Evidence of nanobacterial-like structures in human calcified arteries and cardiac valves

Virginia M. Miller1*, George Rodgers2, Jon A. Charlesworth3, Brenda Kirkland3, Sandra R. Severson4, Todd E. Rasmussen4, Marineh Yagubyan4, Jeri C. Rodgers5, Franklin R. Cockerill6, Robert L. Folk5, Vivek Kumar7, Gerard Farell-Baril7, and John C. Lieske7

1 Department of Surgery, Mayo Clinic, Rochester, MN, USA; Department of Physiology and Biophysics, Mayo Clinic, Rochester, MN, USA
2 Heart Hospital of Austin, Austin, TX, USA
3 Department of Biochemistry and Molecular Biology, Mayo Clinic, Rochester, MN, USA
4 Department of Surgery, Mayo Clinic, Rochester, MN, USA
5 Department of Geological Sciences and Internal Medicine, The University of Texas at Austin, Austin, TX, USA
6 Department of Clinical Microbiology, Mayo Clinic, Rochester, MN, USA
7 Department of Internal Medicine, Division of Nephrology, Mayo Clinic, Rochester, MN, USA
 

* To whom correspondence should be addressed. E-mail: miller.virginia@mayo.edu .

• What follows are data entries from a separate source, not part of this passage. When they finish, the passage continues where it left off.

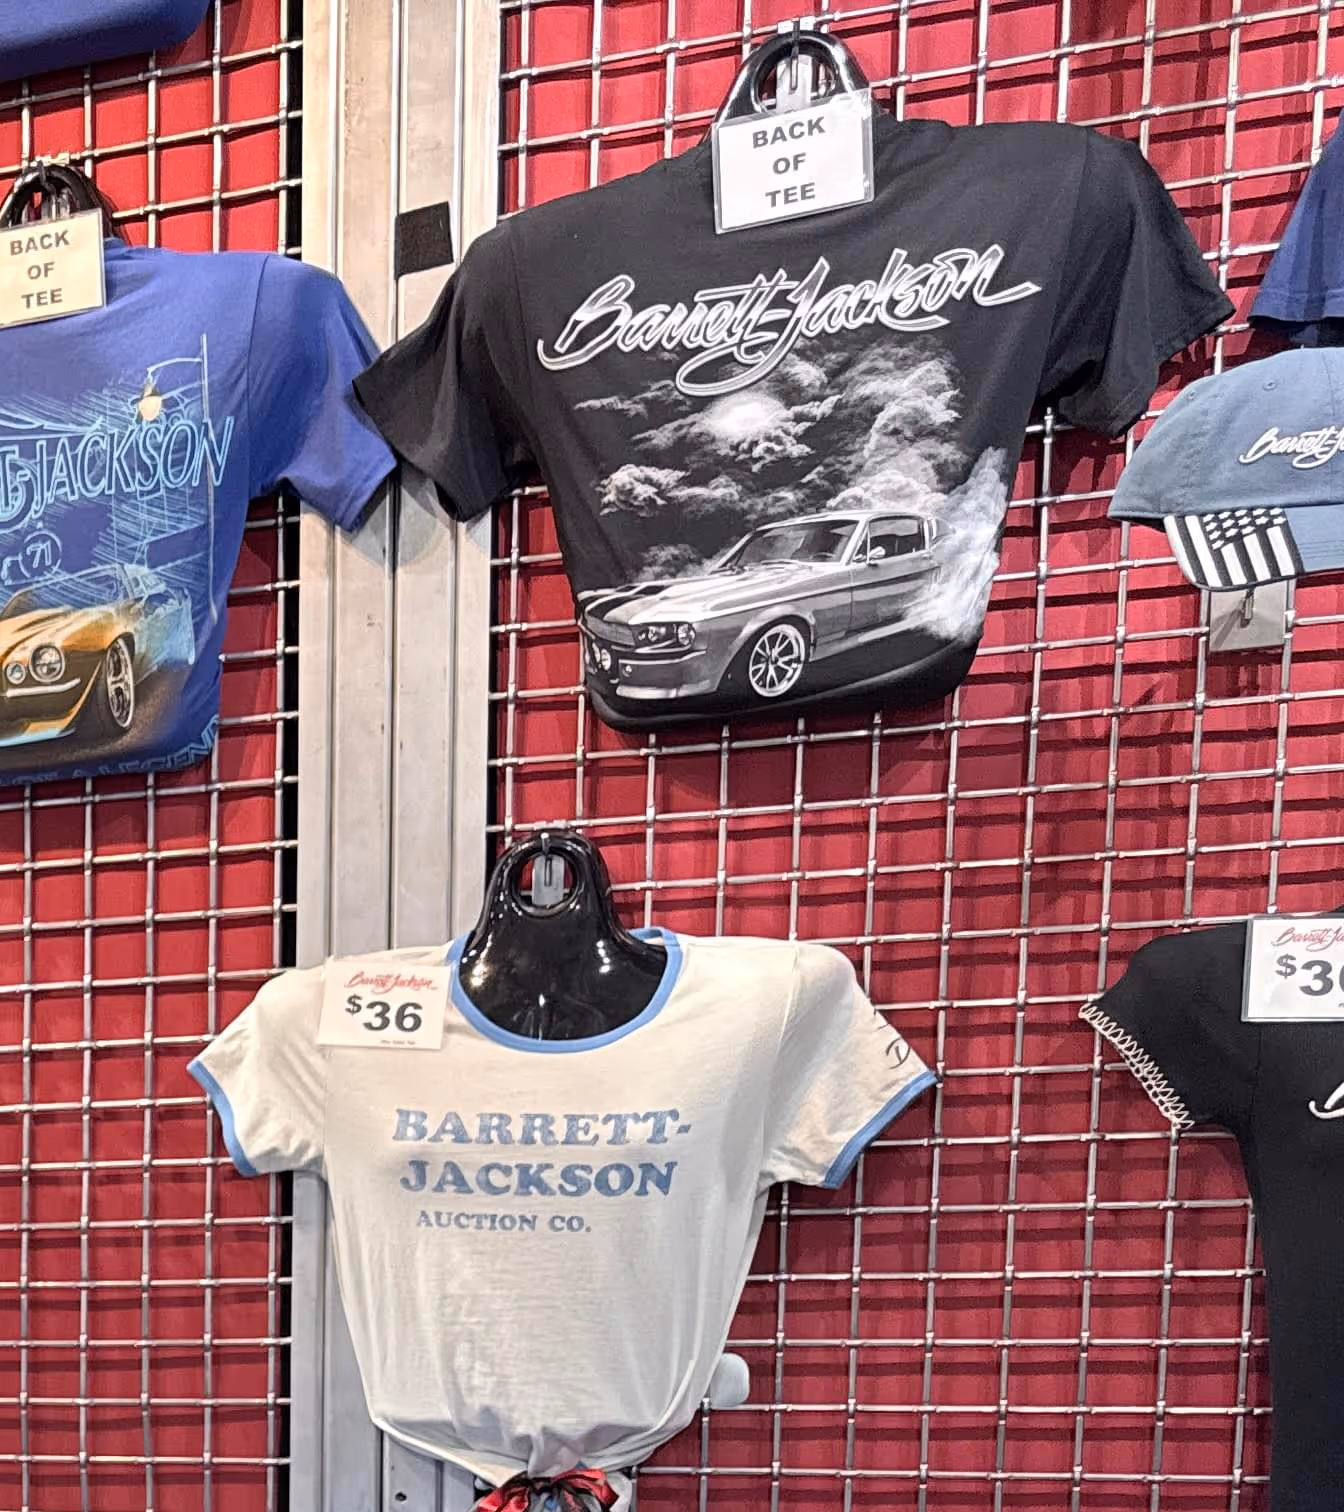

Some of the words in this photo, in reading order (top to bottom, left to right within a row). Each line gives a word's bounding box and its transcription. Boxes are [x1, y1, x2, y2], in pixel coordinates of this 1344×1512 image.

[752, 114, 827, 150] BACK
[772, 151, 808, 176] OF
[765, 181, 818, 209] TEE
[9, 229, 71, 258] BACK
[26, 261, 56, 281] OF
[20, 288, 64, 310] TEE
[538, 244, 1042, 396] Barrett-Jackson
[344, 993, 424, 1034] $36
[390, 1106, 693, 1148] BARRETT-
[400, 1158, 679, 1199] JACKSON
[416, 1209, 540, 1234] AUCTION
[547, 1211, 593, 1235] CO.
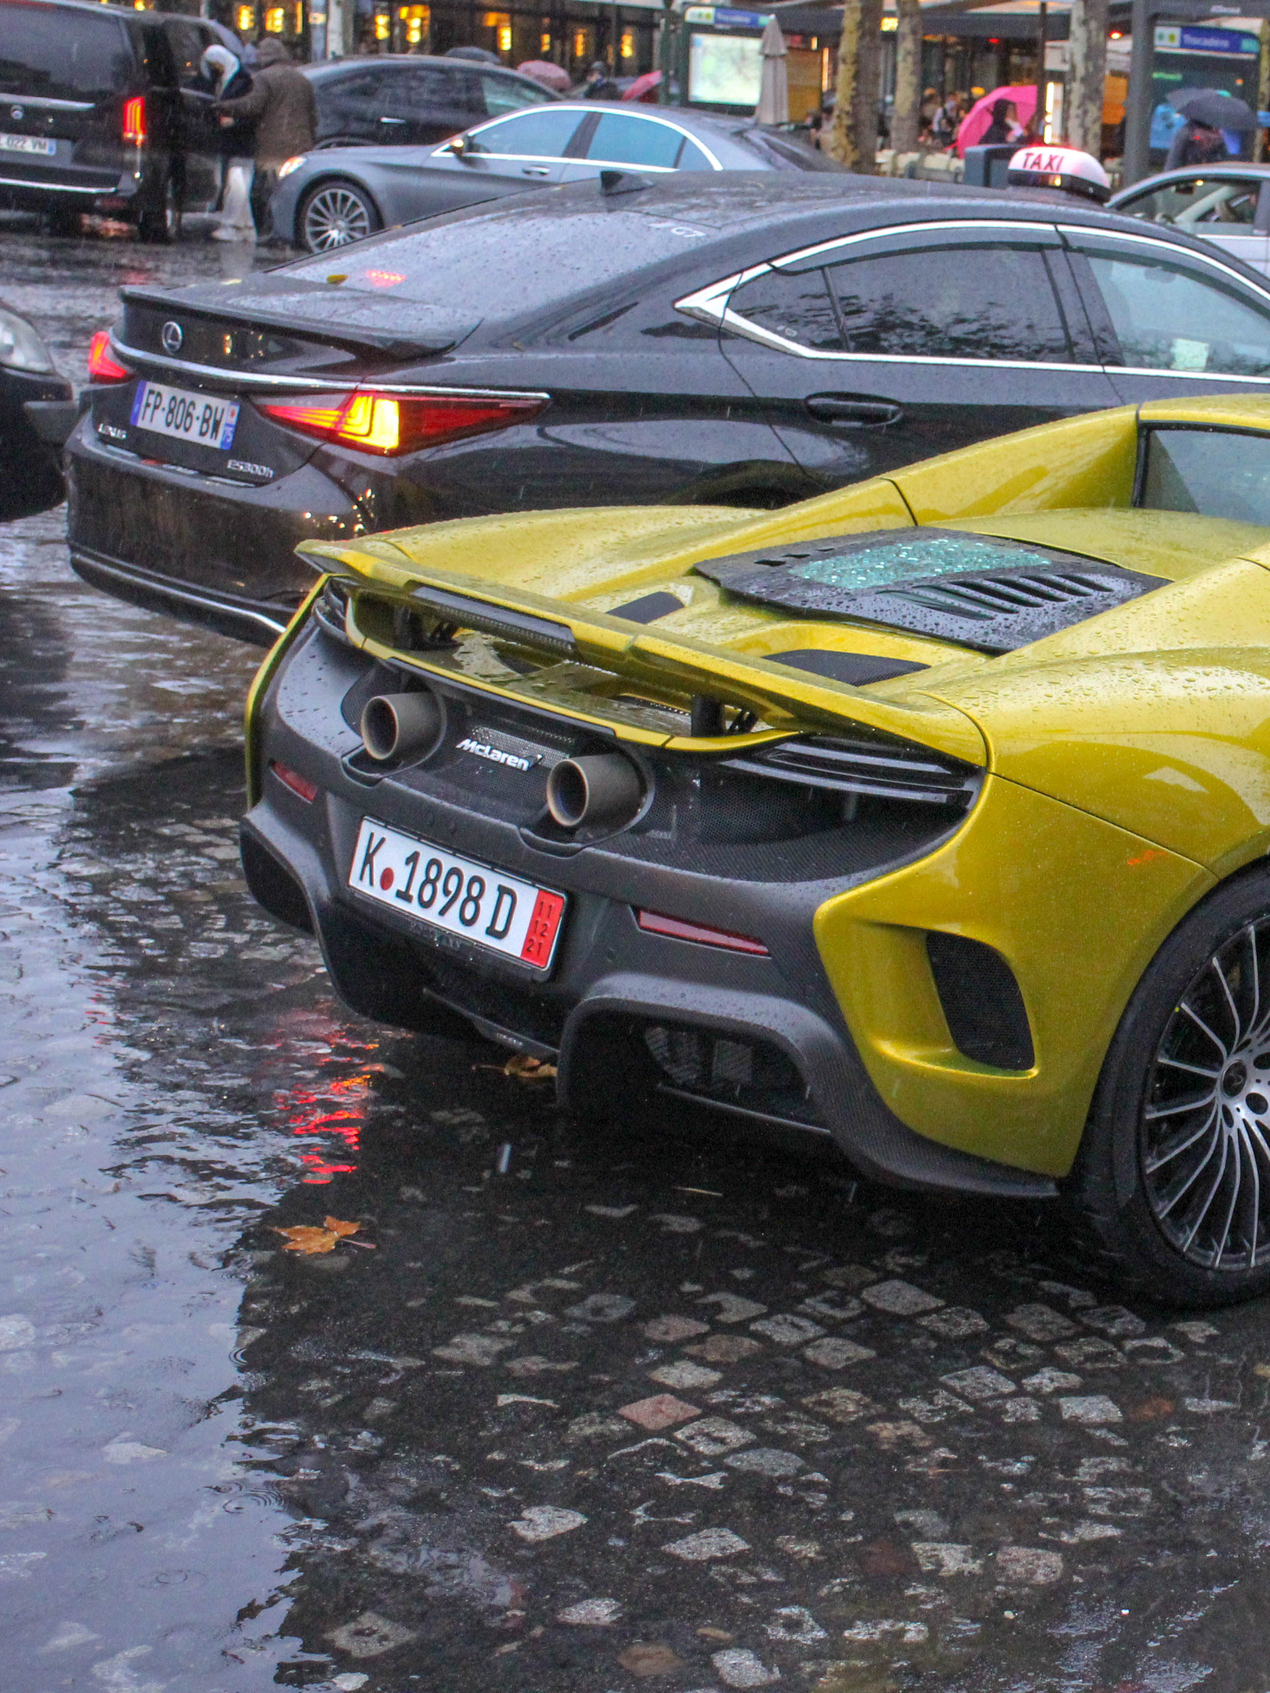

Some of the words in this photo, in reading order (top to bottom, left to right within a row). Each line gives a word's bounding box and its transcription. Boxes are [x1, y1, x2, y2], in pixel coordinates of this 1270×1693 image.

[1022, 152, 1065, 172] TAXI
[141, 389, 225, 441] FP-806-BW
[455, 737, 531, 772] McLaren
[359, 831, 386, 887] K
[395, 850, 486, 927] 1898
[485, 883, 518, 940] D
[539, 900, 554, 918] 11
[533, 919, 550, 937] 12
[525, 938, 544, 957] 21
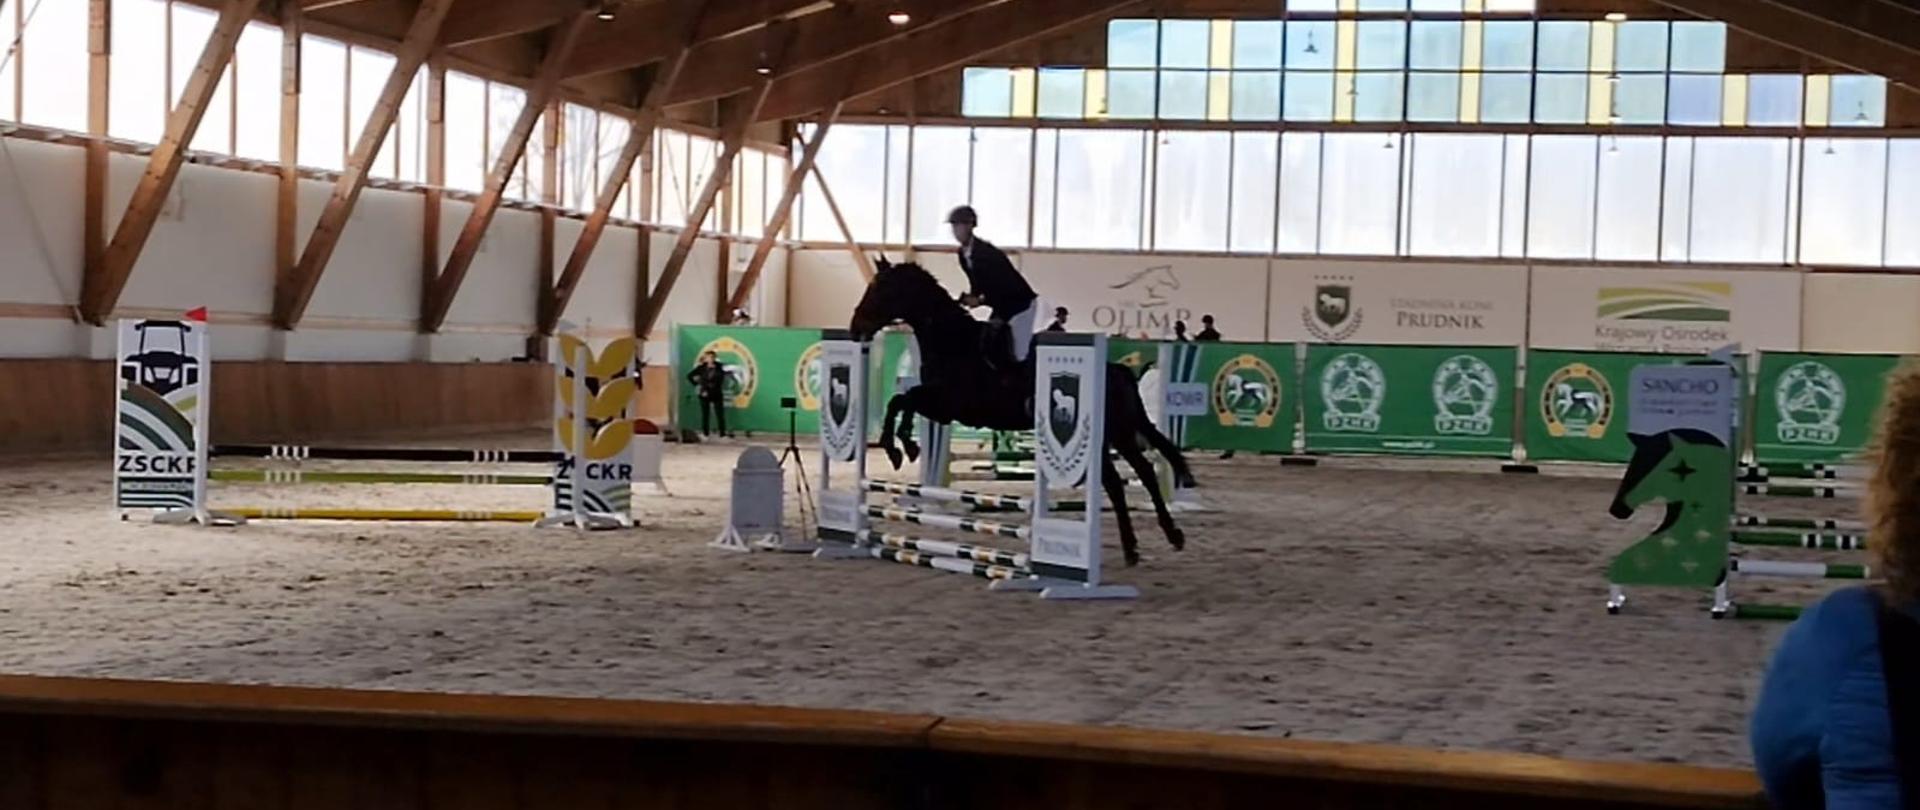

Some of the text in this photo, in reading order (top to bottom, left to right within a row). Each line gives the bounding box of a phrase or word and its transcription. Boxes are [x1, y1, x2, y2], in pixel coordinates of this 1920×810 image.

[1092, 305, 1191, 330] OLIMP
[1397, 310, 1484, 328] PRUDNIK
[1595, 325, 1656, 341] Krajowy
[1641, 377, 1719, 394] SANCHO
[557, 459, 632, 480] ZCKR
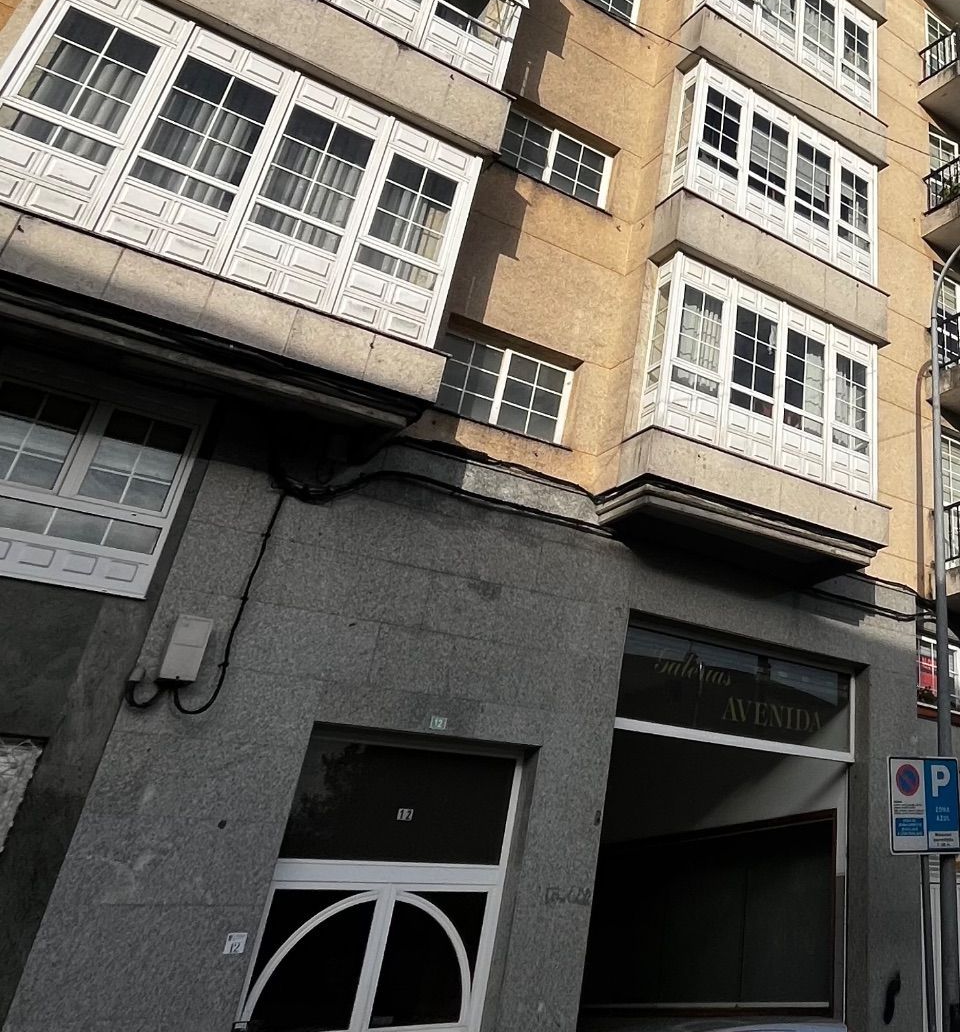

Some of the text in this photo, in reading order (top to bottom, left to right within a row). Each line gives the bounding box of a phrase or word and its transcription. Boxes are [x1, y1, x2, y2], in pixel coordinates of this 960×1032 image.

[721, 696, 823, 733] AVENIDA
[931, 765, 951, 798] P
[400, 809, 411, 820] 12
[230, 943, 241, 953] 12
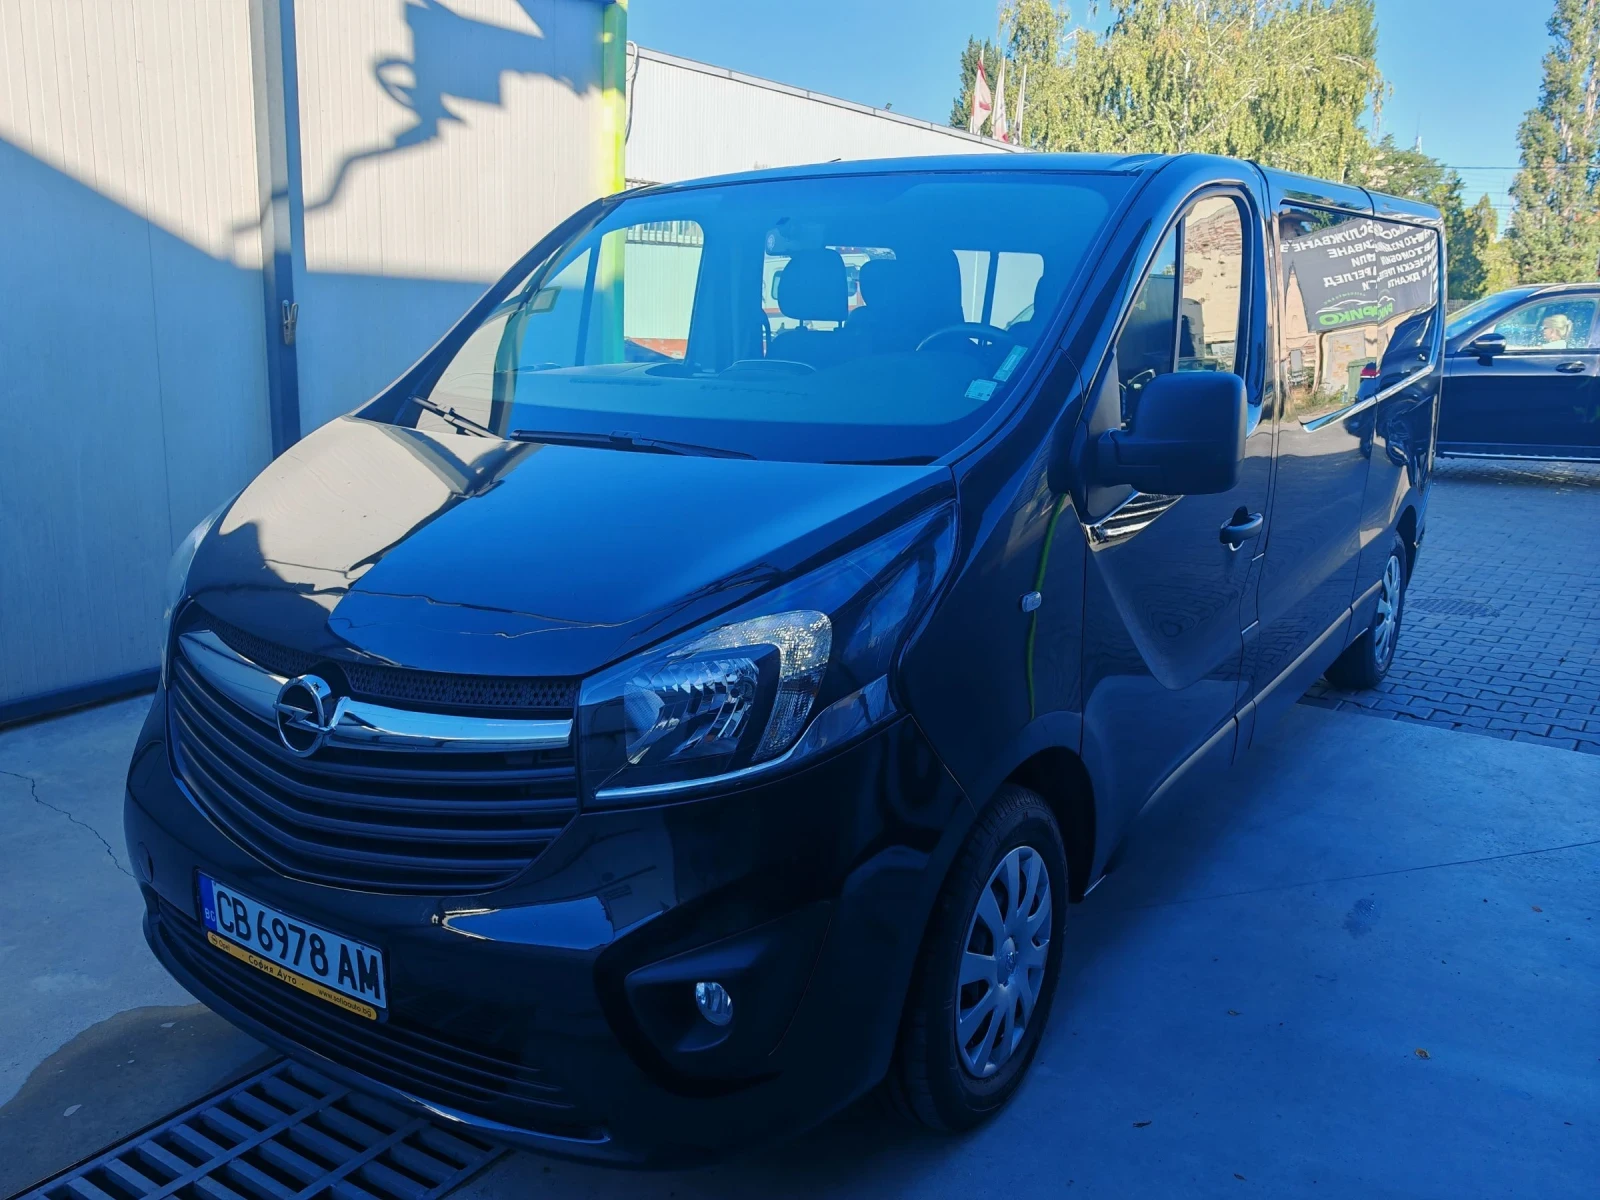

Mechanisms mediating vascular calcification remain incompletely understood. Nanometer scale objects hypothesized to be a type of bacteria (nanobacteria) are associated with calcified geological specimens, human kidney stones and psammona bodies in ovarian cancer. Experiments were designed to evaluate human vascular tissue for the presence of similar nanometer-scale objects. Calcified human aneurysms (n=8), carotid plaques (n=2), femoral arterial plaques (n=2) and cardiac valves (n=2) and non-calcified aneurysms from patients with bicuspid aortic valve disease (n=2) were collected as surgical waste from the Heart Hospital of Austin, Austin, Texas, and Mayo Clinic, Rochester, Minnesota. Whole mounts or adjacent sections from each specimen were examined by electron microscopy, stained for calcium phosphate, or stained with a commercially available antibody (8D10). Filtered (0.2 micron) homogenates of aneurysms were cultured and co-stained with 8D10 antibody followed by PicoGreen to detect DNA or incubated with [3H]-radiolabeled uridine. Staining for calcium phosphate was heterogeneously distributed within all calcified tissues. Immunological staining with 8D10 was also heterogeneously distributed in areas with and without calcium phosphate. Analysis of areas with positive immunostaining identified spheres ranging in size from 30-100 nm with a spectral pattern of calcium and phosphorus (high-energy dispersive spectroscopy). Nano-sized particles cultured from calcified but not from non-calcified aneurysms were recognized by a DNA-specific dye, incorporated radiolabeled uridine, and after decalcification, appeared via electron microscopy to contain cell walls. Therefore, nanometer-scale particles similar to those described as nanobacteria isolated from geological specimens and human kidney stones can be visualized in and cultured from human calcified cardiovascular tissue.